Supporting this, nutrient‑sensing pathways that regulate autophagy (AMPK, ULK1, TFEB) also influence nuclear metabolite transporters; TFEB overexpression increases lysosomal export of amino acids, further depleting nucleocytoplasmic pools [3]. Thus, the siege logic of autophagy inadvertently starves the nucleus of methylation substrates, converting a survival strategy into an epigenetic timer for senescence.

Testable Predictions

1. Metabolite rescue – Supplementing senescent cells with methionine or SAM will restore global H3K9me3/H3K27me3 levels and suppress SASP without altering autophagic flux (measured by LC3‑II turnover).
2. Cargo specificity – Knocking out the autophagy receptor NBR1, which selectively targets methionine‑rich proteins for degradation, will attenuate amino acid depletion and delay senescence despite high basal autophagy.
3. Flux decoupling – Using a rapamycin analog that induces autophagy but blocks lysosomal amino acid export (e.g., V‑ATPase inhibitor) will uncouple flux from nuclear depletion, preventing SASP induction.
4. In vivo validation – Mice fed a spermidine‑rich diet (autophagy inducer) will show increased hepatic LC3‑II but reduced hepatic free methionine and hepatic H3K9me3; administering methionine concomitantly should normalize methylation marks and reduce age‑related fibrosis.
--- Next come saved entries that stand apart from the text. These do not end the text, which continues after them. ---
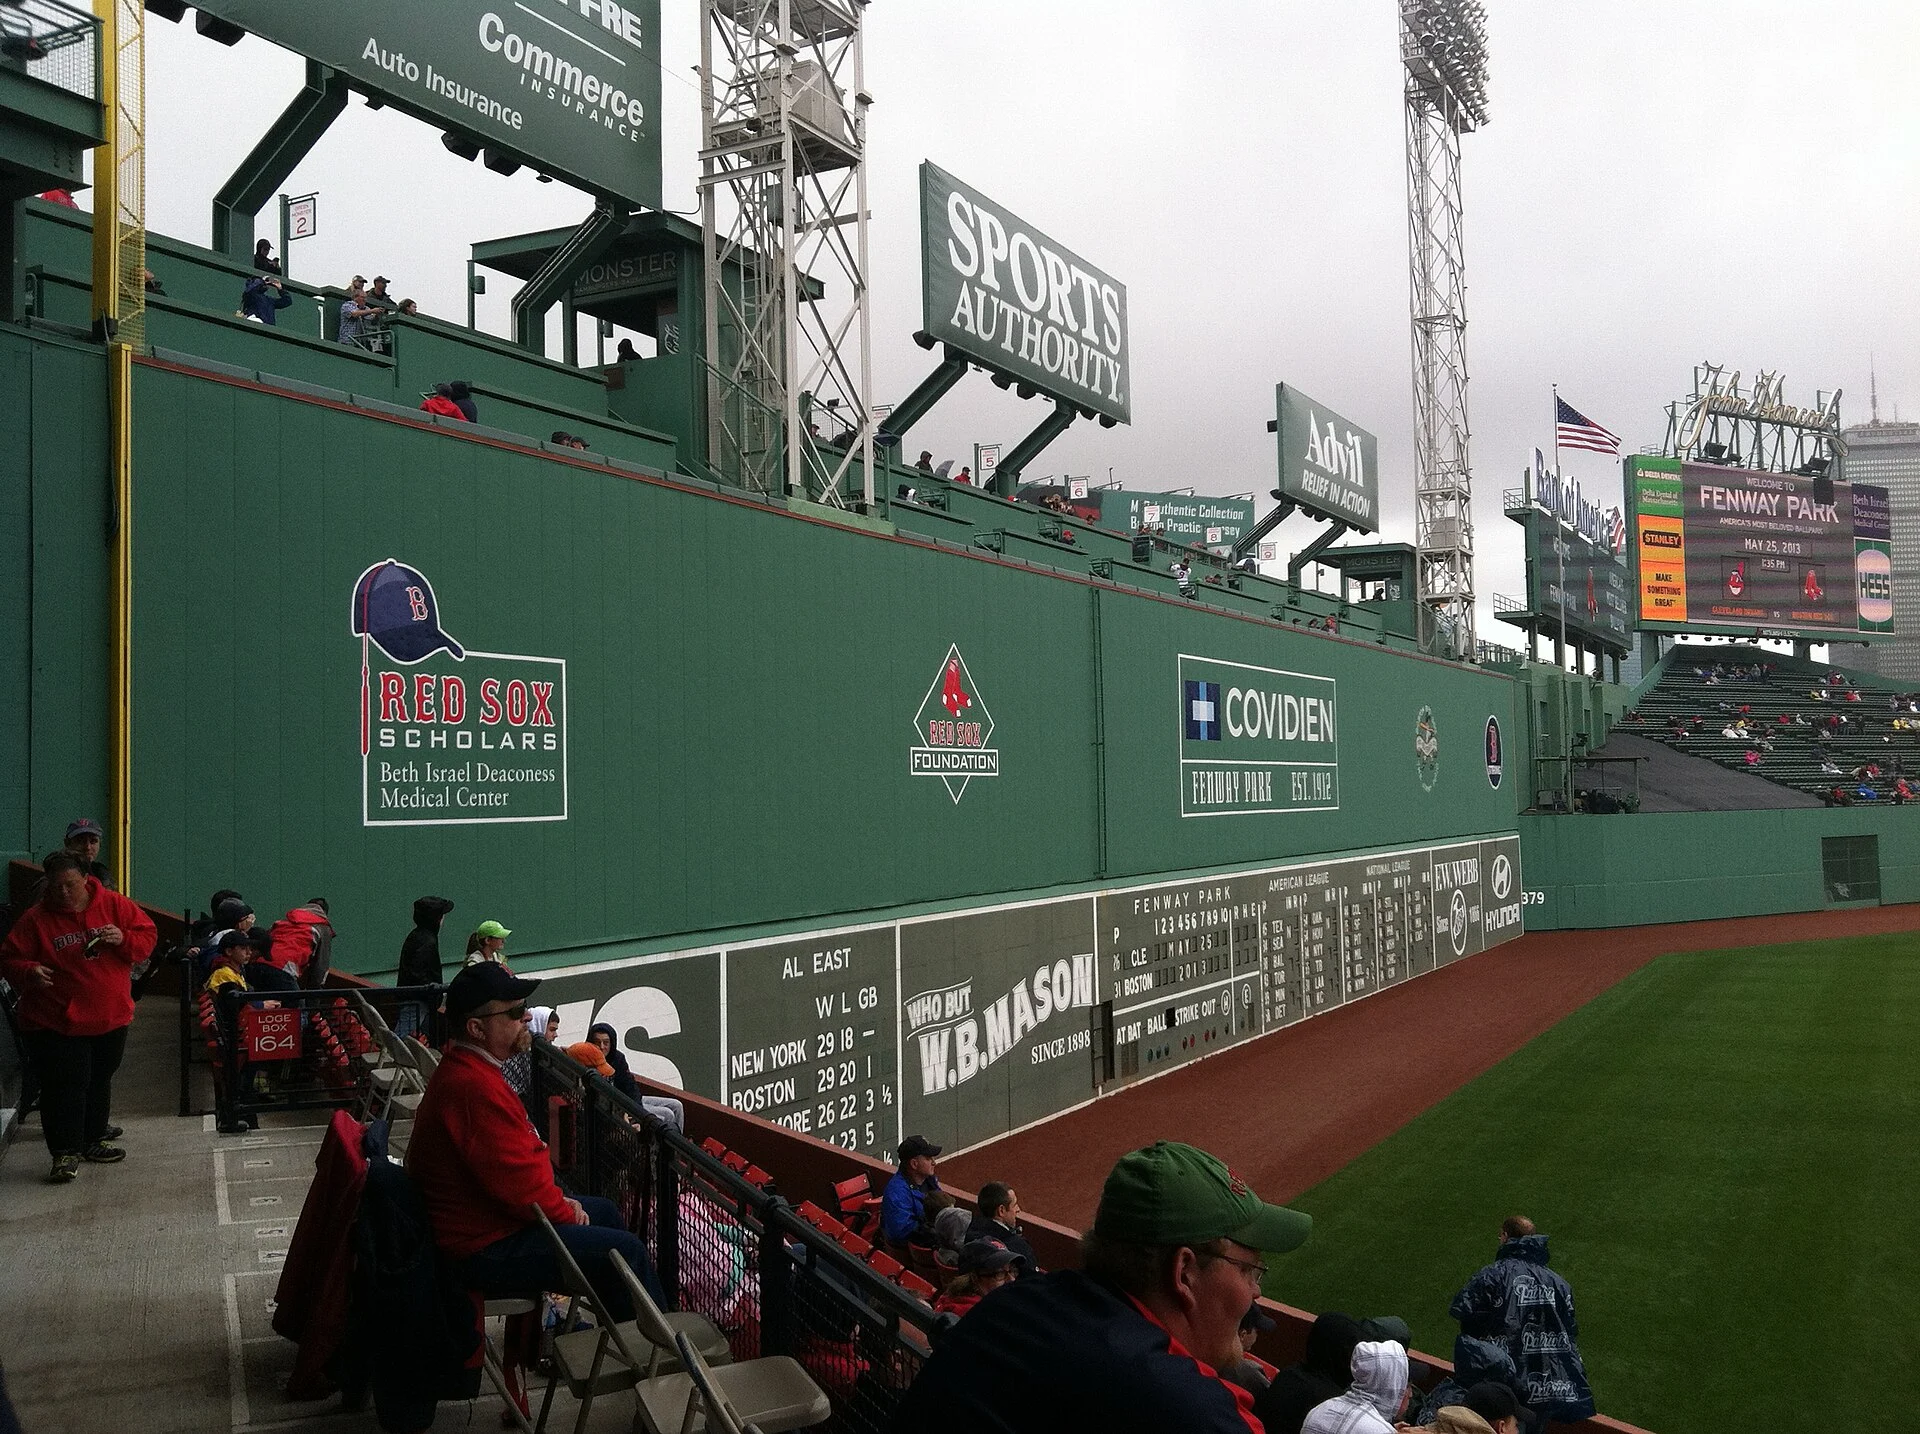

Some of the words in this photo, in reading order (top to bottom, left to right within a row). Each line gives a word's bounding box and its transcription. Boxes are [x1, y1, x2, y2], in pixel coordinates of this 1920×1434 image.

[479, 13, 644, 126] Commerce
[362, 37, 419, 82] Auto
[426, 64, 523, 130] Insurance
[520, 73, 638, 142] INSURANCE
[297, 217, 306, 234] 2
[947, 191, 1121, 355] SPORTS
[950, 280, 1122, 403] AUTHORITY
[1675, 360, 1747, 450] John
[1750, 369, 1849, 457] Hancock
[1304, 409, 1364, 488] Advil
[986, 457, 995, 468] 5
[1074, 488, 1083, 497] 6
[1301, 469, 1329, 499] RELIEF
[1329, 482, 1341, 504] IN
[1340, 487, 1371, 518] ACTION
[1745, 477, 1783, 490] WELCOME
[1784, 481, 1794, 492] TO
[1158, 501, 1197, 517] uthentic
[1199, 505, 1244, 520] Collection
[1700, 485, 1780, 517] FENWAY
[1787, 495, 1840, 524] PARK
[1853, 494, 1868, 505] Beth
[1870, 495, 1889, 507] Israel
[1148, 513, 1155, 521] 7
[1853, 506, 1890, 520] Deaconess
[1167, 519, 1201, 533] Practic
[1210, 533, 1217, 541] 8
[1752, 520, 1768, 529] MOST
[1769, 523, 1794, 532] BELOVED
[1645, 533, 1680, 545] STANLEY
[1745, 538, 1763, 550] MAY
[1766, 540, 1780, 554] 25,
[1782, 542, 1801, 555] 2013
[1776, 560, 1786, 569] PM
[1655, 573, 1672, 582] MAKE
[1859, 572, 1891, 600] HESS
[1647, 585, 1681, 595] SOMETHING
[405, 586, 428, 621] B
[378, 671, 467, 725] RED
[479, 677, 556, 727] SOX
[1226, 687, 1334, 743] COVIDIEN
[379, 728, 557, 750] SCHOLARS
[929, 720, 955, 745] RED
[956, 721, 982, 747] SOX
[380, 761, 419, 783] Beth
[426, 762, 471, 783] Israel
[476, 762, 556, 783] Deaconess
[914, 753, 996, 770] FOUNDATION
[380, 786, 450, 808] Medical
[456, 786, 509, 807] Center
[1192, 771, 1240, 805] FENWAY
[1244, 771, 1273, 802] PARK
[1291, 772, 1311, 801] EST.
[1312, 771, 1332, 801] 1912
[1366, 863, 1392, 876] NATIONAL
[1392, 860, 1411, 872] LEAGUE
[1268, 875, 1303, 892] AMERICAN
[1305, 871, 1330, 887] LEAGUE
[1134, 892, 1189, 915] FENWAY
[1199, 886, 1231, 905] PARK
[1521, 892, 1545, 905] 379
[1272, 920, 1283, 934] TEX
[1485, 903, 1521, 933] HYUNDAI
[1113, 927, 1120, 944] P
[1272, 936, 1284, 951] SEA
[782, 956, 804, 979] AL
[813, 947, 851, 974] EAST
[1131, 947, 1147, 967] CLE
[1113, 980, 1122, 999] 31
[1124, 973, 1153, 996] BOSTON
[815, 994, 834, 1019] W
[842, 992, 851, 1013] L
[858, 986, 878, 1009] GB
[906, 993, 942, 1029] WHO
[945, 984, 972, 1018] BUT
[258, 1014, 292, 1023] LOGE
[262, 1024, 288, 1033] BOX
[1116, 1025, 1125, 1045] AT
[1127, 1021, 1141, 1042] BAT
[1147, 1013, 1167, 1034] BALL
[1175, 1003, 1199, 1026] STRIKE
[1201, 998, 1216, 1017] OUT
[255, 1034, 295, 1052] 164
[731, 1049, 764, 1079] NEW
[770, 1038, 807, 1069] YORK
[817, 1032, 834, 1058] 29
[841, 1027, 853, 1052] 18
[1031, 1038, 1065, 1065] SINCE
[1067, 1029, 1091, 1053] 1898
[732, 1077, 796, 1112] BOSTON
[817, 1067, 835, 1093] 29
[839, 1060, 856, 1086] 20
[818, 1100, 835, 1128] 26
[840, 1094, 856, 1120] 22
[866, 1089, 874, 1112] 3
[840, 1128, 857, 1151] 23
[866, 1121, 875, 1146] 5
Falsification: If methionine/SAM supplementation fails to rescue histone methylation or SASP in autophagic senescent cells, or if NBR1 loss does not ameliorate senescence despite elevated flux, the hypothesis would be refuted. These experiments link autophagy’s siege logic to a concrete epigenetic mechanism, offering a stage‑specific intervention window: boost autophagy early to maintain proteostasis, then limit its amino‑acid‑draining arm later to avert epigenetic senescence.